▶ Task prompt: Copy out every line of the data exactly; do not include the images.

▶ Phrase grounding data:
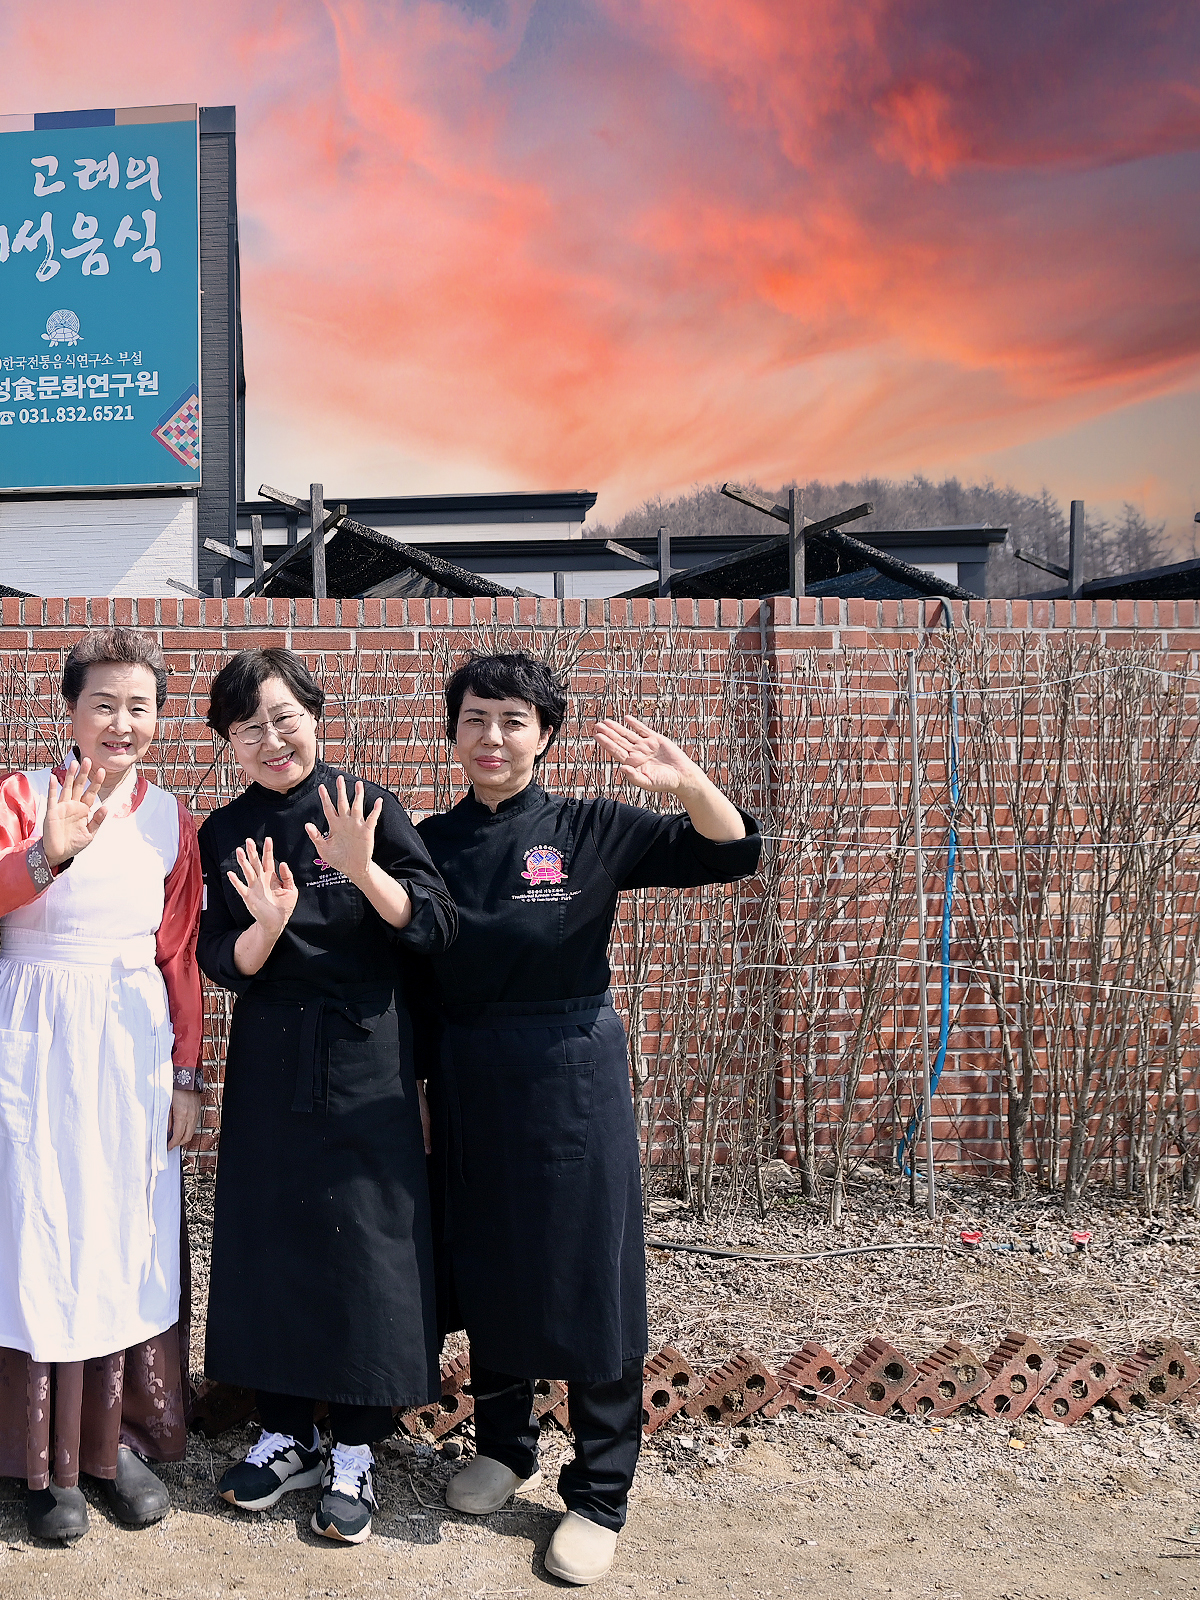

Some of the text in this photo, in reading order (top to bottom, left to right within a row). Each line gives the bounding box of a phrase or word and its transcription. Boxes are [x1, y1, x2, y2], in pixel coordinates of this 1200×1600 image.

[30, 151, 163, 202] 고려의
[117, 350, 143, 367] 부설
[18, 404, 135, 424] 031.832.6521
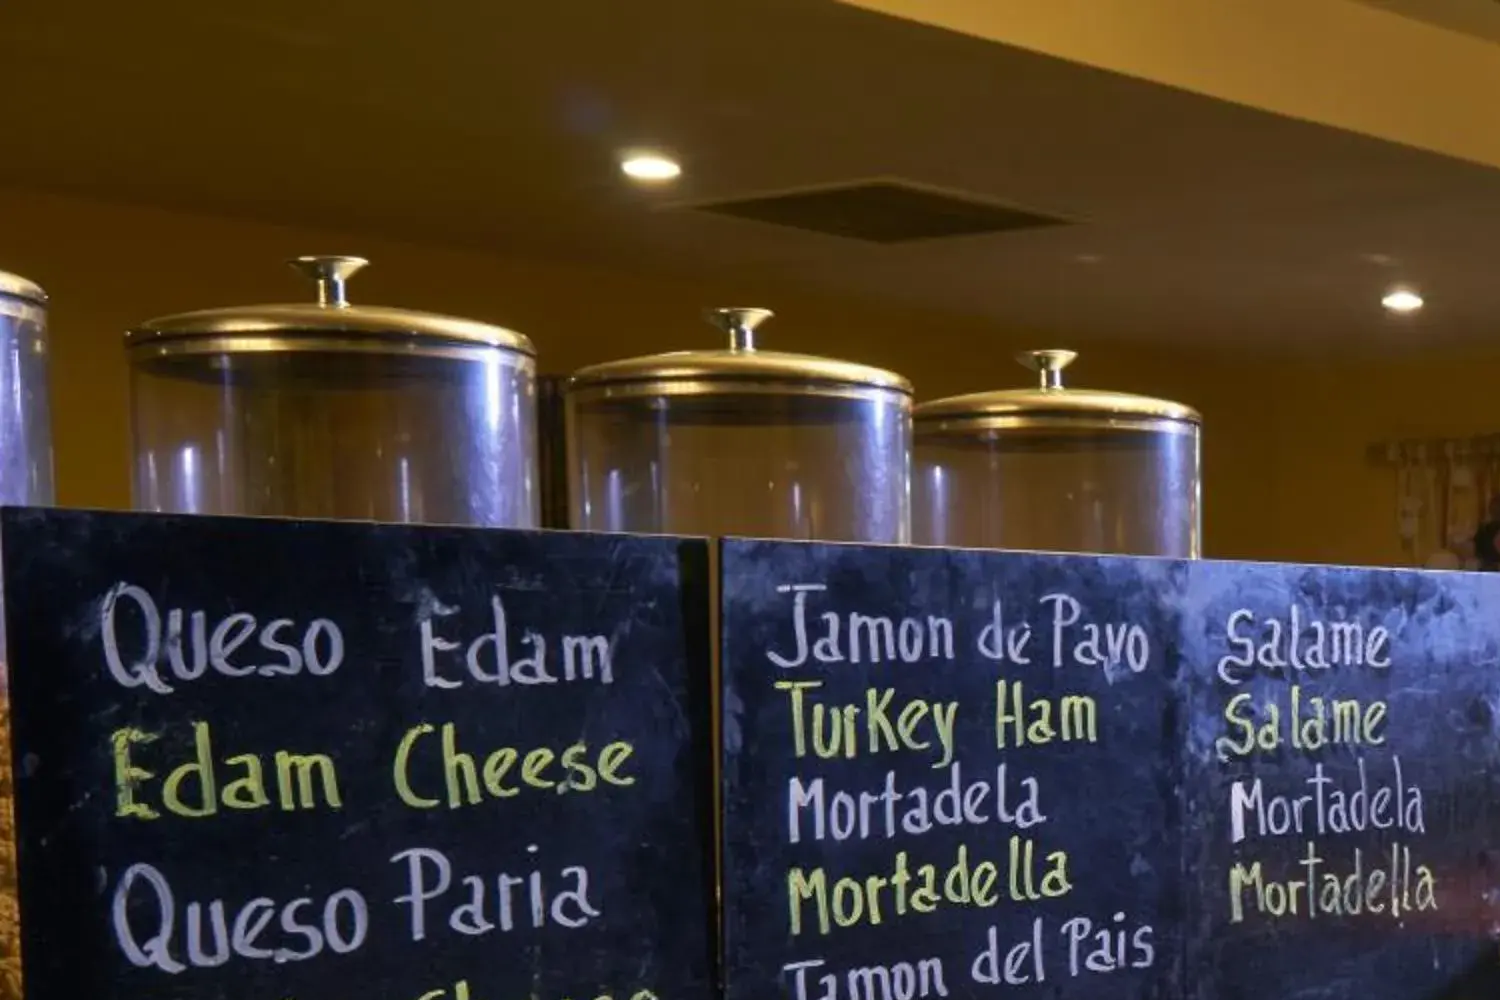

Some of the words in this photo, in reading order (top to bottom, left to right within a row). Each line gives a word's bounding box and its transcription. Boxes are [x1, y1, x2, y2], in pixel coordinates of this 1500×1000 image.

[101, 581, 345, 693] Queso
[418, 595, 614, 688] Edam
[766, 584, 955, 668] Jamon
[977, 600, 1032, 664] de
[1217, 603, 1392, 685] Salame
[996, 679, 1097, 749] Ham
[1215, 685, 1388, 763] Salame
[110, 721, 342, 819] Edam
[394, 722, 635, 809] Cheese
[788, 761, 1047, 843] Mortadela
[1231, 754, 1426, 844] Mortadela
[113, 862, 368, 973] Queso
[390, 845, 600, 941] Paria
[787, 835, 1073, 936] Mortadella
[1229, 841, 1438, 924] Mortadella
[971, 917, 1045, 985] del
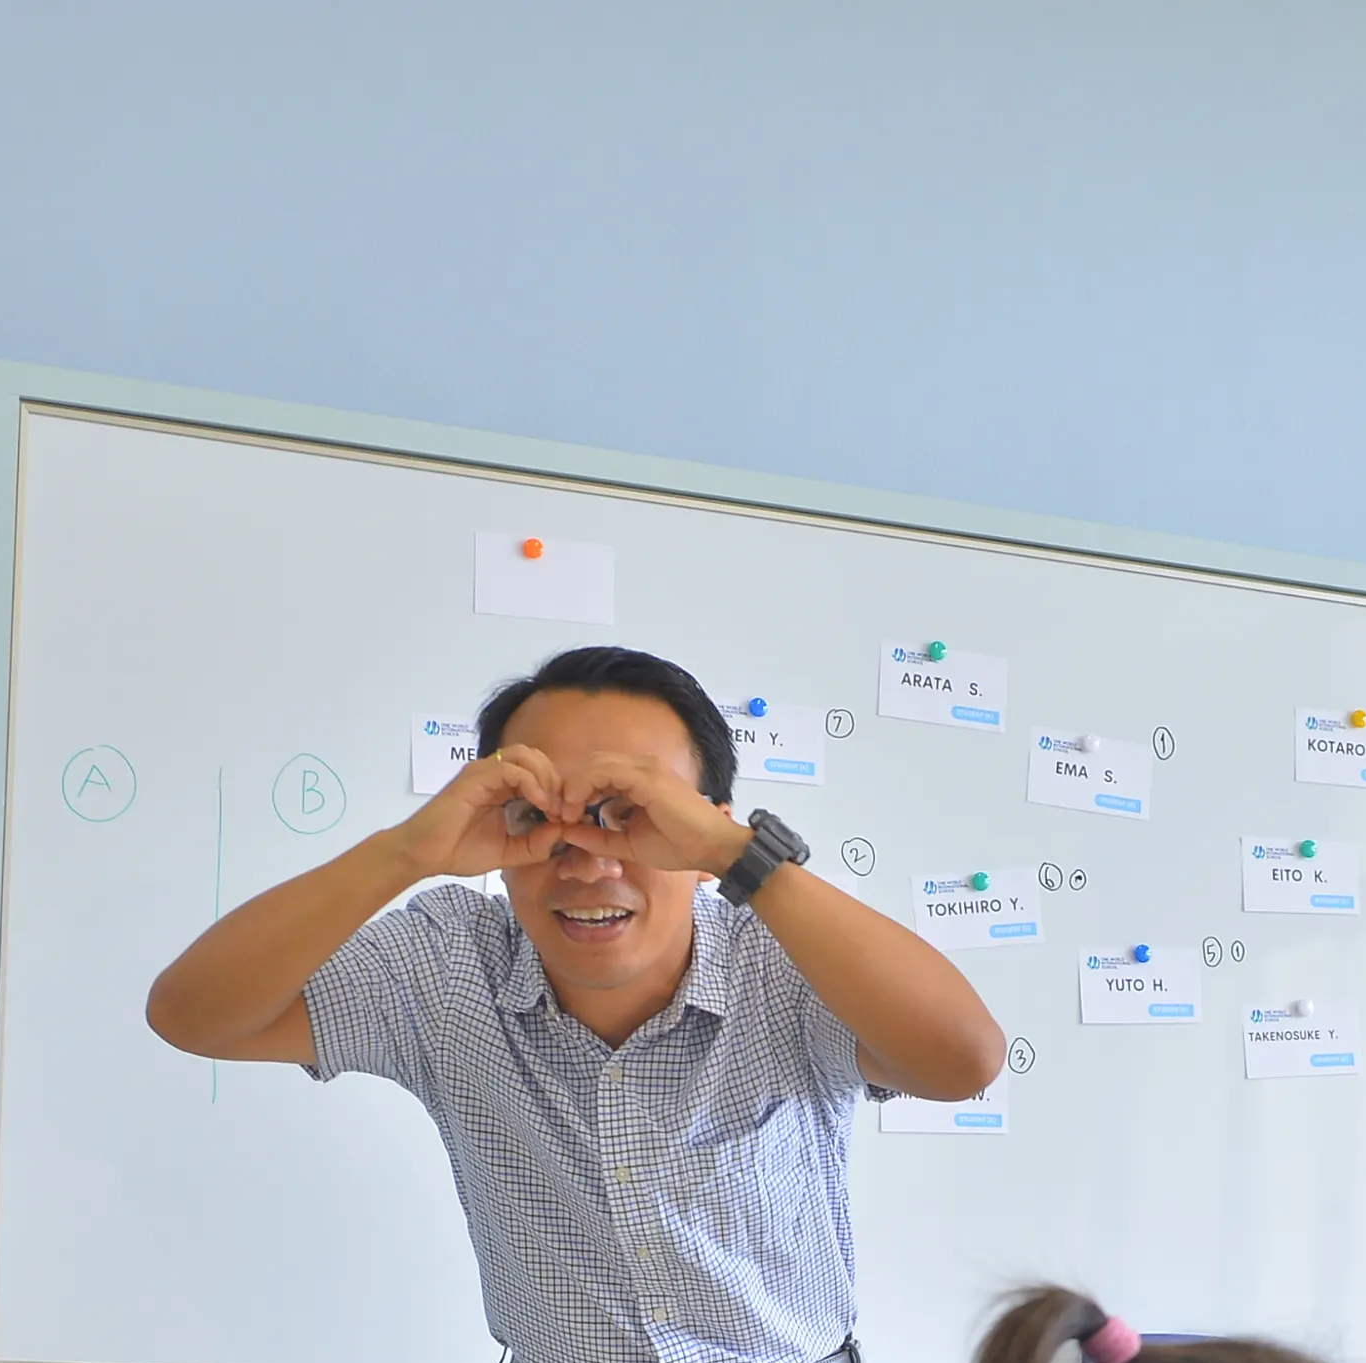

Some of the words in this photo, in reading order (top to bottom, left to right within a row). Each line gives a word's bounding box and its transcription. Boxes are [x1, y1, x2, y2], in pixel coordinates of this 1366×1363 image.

[900, 672, 953, 692] ARATA
[968, 682, 983, 697] S.
[768, 731, 784, 747] Y.
[1307, 738, 1366, 757] KOTARO
[77, 764, 112, 798] A
[1055, 761, 1089, 779] EMA
[1103, 769, 1118, 784] S.
[301, 769, 325, 815] B
[1272, 868, 1303, 882] EITO
[1314, 869, 1328, 883] K.
[926, 898, 1002, 917] TOKIHIRO
[1009, 897, 1024, 911] Y.
[1105, 978, 1145, 992] YUTO
[1153, 978, 1168, 992] H.
[1248, 1029, 1321, 1042] TAKENOSUKE
[1328, 1029, 1339, 1039] Y.

▶ Result:
Some of the text in this photo, in reading order (top to bottom, left to right within a row). Each line gives the bounding box of a phrase or word and its transcription. Boxes are [x1, y1, x2, y2], in pixel coordinates of this 1200×1600 image.

[30, 151, 163, 202] 고려의
[117, 350, 143, 367] 부설
[18, 404, 135, 424] 031.832.6521

Some of the words in this photo, in reading order (top to bottom, left to right within a row). Each line gives a word's bounding box and its transcription. Boxes are [x1, y1, x2, y2], in pixel coordinates of this 1500×1000 image.

[101, 581, 345, 693] Queso
[418, 595, 614, 688] Edam
[766, 584, 955, 668] Jamon
[977, 600, 1032, 664] de
[1217, 603, 1392, 685] Salame
[996, 679, 1097, 749] Ham
[1215, 685, 1388, 763] Salame
[110, 721, 342, 819] Edam
[394, 722, 635, 809] Cheese
[788, 761, 1047, 843] Mortadela
[1231, 754, 1426, 844] Mortadela
[113, 862, 368, 973] Queso
[390, 845, 600, 941] Paria
[787, 835, 1073, 936] Mortadella
[1229, 841, 1438, 924] Mortadella
[971, 917, 1045, 985] del

Some of the words in this photo, in reading order (top to bottom, left to right within a row). Each line gives a word's bounding box and its transcription. Boxes are [x1, y1, x2, y2], in pixel coordinates of this 1366×1363 image.

[900, 672, 953, 692] ARATA
[968, 682, 983, 697] S.
[768, 731, 784, 747] Y.
[1307, 738, 1366, 757] KOTARO
[77, 764, 112, 798] A
[1055, 761, 1089, 779] EMA
[1103, 769, 1118, 784] S.
[301, 769, 325, 815] B
[1272, 868, 1303, 882] EITO
[1314, 869, 1328, 883] K.
[926, 898, 1002, 917] TOKIHIRO
[1009, 897, 1024, 911] Y.
[1105, 978, 1145, 992] YUTO
[1153, 978, 1168, 992] H.
[1248, 1029, 1321, 1042] TAKENOSUKE
[1328, 1029, 1339, 1039] Y.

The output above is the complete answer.